DATA TO EXAMINE:
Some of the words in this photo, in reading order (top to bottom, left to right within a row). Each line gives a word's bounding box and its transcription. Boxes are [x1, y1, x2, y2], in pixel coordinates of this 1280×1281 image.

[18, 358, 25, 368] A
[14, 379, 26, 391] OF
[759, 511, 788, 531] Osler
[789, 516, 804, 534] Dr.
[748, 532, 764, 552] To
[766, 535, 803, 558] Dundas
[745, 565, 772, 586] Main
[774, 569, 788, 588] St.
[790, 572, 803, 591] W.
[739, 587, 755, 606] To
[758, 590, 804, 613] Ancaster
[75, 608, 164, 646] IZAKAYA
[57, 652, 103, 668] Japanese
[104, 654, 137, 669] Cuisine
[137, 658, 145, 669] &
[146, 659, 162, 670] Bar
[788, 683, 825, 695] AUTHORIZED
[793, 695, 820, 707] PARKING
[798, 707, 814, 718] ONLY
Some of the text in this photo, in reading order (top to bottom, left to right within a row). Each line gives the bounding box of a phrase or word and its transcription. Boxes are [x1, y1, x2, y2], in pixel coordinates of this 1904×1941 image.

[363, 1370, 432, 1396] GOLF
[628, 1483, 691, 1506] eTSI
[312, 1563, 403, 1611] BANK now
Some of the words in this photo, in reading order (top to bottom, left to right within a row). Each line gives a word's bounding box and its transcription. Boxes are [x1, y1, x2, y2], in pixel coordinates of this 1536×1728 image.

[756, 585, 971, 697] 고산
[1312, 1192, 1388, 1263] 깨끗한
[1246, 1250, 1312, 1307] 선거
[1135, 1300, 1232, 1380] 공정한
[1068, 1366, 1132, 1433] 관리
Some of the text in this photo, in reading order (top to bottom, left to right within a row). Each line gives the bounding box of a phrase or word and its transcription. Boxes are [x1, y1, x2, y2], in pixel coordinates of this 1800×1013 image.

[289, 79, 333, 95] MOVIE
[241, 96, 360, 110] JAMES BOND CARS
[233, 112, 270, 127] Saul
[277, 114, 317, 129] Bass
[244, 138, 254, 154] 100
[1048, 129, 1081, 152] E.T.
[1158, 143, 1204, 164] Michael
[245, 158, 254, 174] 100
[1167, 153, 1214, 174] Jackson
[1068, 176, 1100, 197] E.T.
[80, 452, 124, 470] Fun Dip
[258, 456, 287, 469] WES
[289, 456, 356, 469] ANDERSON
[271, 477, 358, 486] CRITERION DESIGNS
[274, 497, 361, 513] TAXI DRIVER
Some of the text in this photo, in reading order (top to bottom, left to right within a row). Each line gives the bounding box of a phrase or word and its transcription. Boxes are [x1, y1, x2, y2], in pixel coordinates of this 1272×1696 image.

TASK DETAILS: Output the material verbatim, including every line.

WRITTEN RESPONSE:
Some of the words in this photo, in reading order (top to bottom, left to right within a row). Each line gives a word's bounding box and its transcription. Boxes are [x1, y1, x2, y2], in pixel coordinates of this 1280×1281 image.

[18, 358, 25, 368] A
[14, 379, 26, 391] OF
[759, 511, 788, 531] Osler
[789, 516, 804, 534] Dr.
[748, 532, 764, 552] To
[766, 535, 803, 558] Dundas
[745, 565, 772, 586] Main
[774, 569, 788, 588] St.
[790, 572, 803, 591] W.
[739, 587, 755, 606] To
[758, 590, 804, 613] Ancaster
[75, 608, 164, 646] IZAKAYA
[57, 652, 103, 668] Japanese
[104, 654, 137, 669] Cuisine
[137, 658, 145, 669] &
[146, 659, 162, 670] Bar
[788, 683, 825, 695] AUTHORIZED
[793, 695, 820, 707] PARKING
[798, 707, 814, 718] ONLY
Some of the text in this photo, in reading order (top to bottom, left to right within a row). Each line gives the bounding box of a phrase or word and its transcription. Boxes are [x1, y1, x2, y2], in pixel coordinates of this 1904×1941 image.

[363, 1370, 432, 1396] GOLF
[628, 1483, 691, 1506] eTSI
[312, 1563, 403, 1611] BANK now
Some of the words in this photo, in reading order (top to bottom, left to right within a row). Each line gives a word's bounding box and its transcription. Boxes are [x1, y1, x2, y2], in pixel coordinates of this 1536×1728 image.

[756, 585, 971, 697] 고산
[1312, 1192, 1388, 1263] 깨끗한
[1246, 1250, 1312, 1307] 선거
[1135, 1300, 1232, 1380] 공정한
[1068, 1366, 1132, 1433] 관리
Some of the text in this photo, in reading order (top to bottom, left to right within a row). Each line gives the bounding box of a phrase or word and its transcription. Boxes are [x1, y1, x2, y2], in pixel coordinates of this 1800×1013 image.

[289, 79, 333, 95] MOVIE
[241, 96, 360, 110] JAMES BOND CARS
[233, 112, 270, 127] Saul
[277, 114, 317, 129] Bass
[244, 138, 254, 154] 100
[1048, 129, 1081, 152] E.T.
[1158, 143, 1204, 164] Michael
[245, 158, 254, 174] 100
[1167, 153, 1214, 174] Jackson
[1068, 176, 1100, 197] E.T.
[80, 452, 124, 470] Fun Dip
[258, 456, 287, 469] WES
[289, 456, 356, 469] ANDERSON
[271, 477, 358, 486] CRITERION DESIGNS
[274, 497, 361, 513] TAXI DRIVER
Some of the text in this photo, in reading order (top to bottom, left to right within a row). Each line gives the bounding box of a phrase or word and its transcription. Boxes are [x1, y1, x2, y2], in pixel coordinates of this 1272×1696 image.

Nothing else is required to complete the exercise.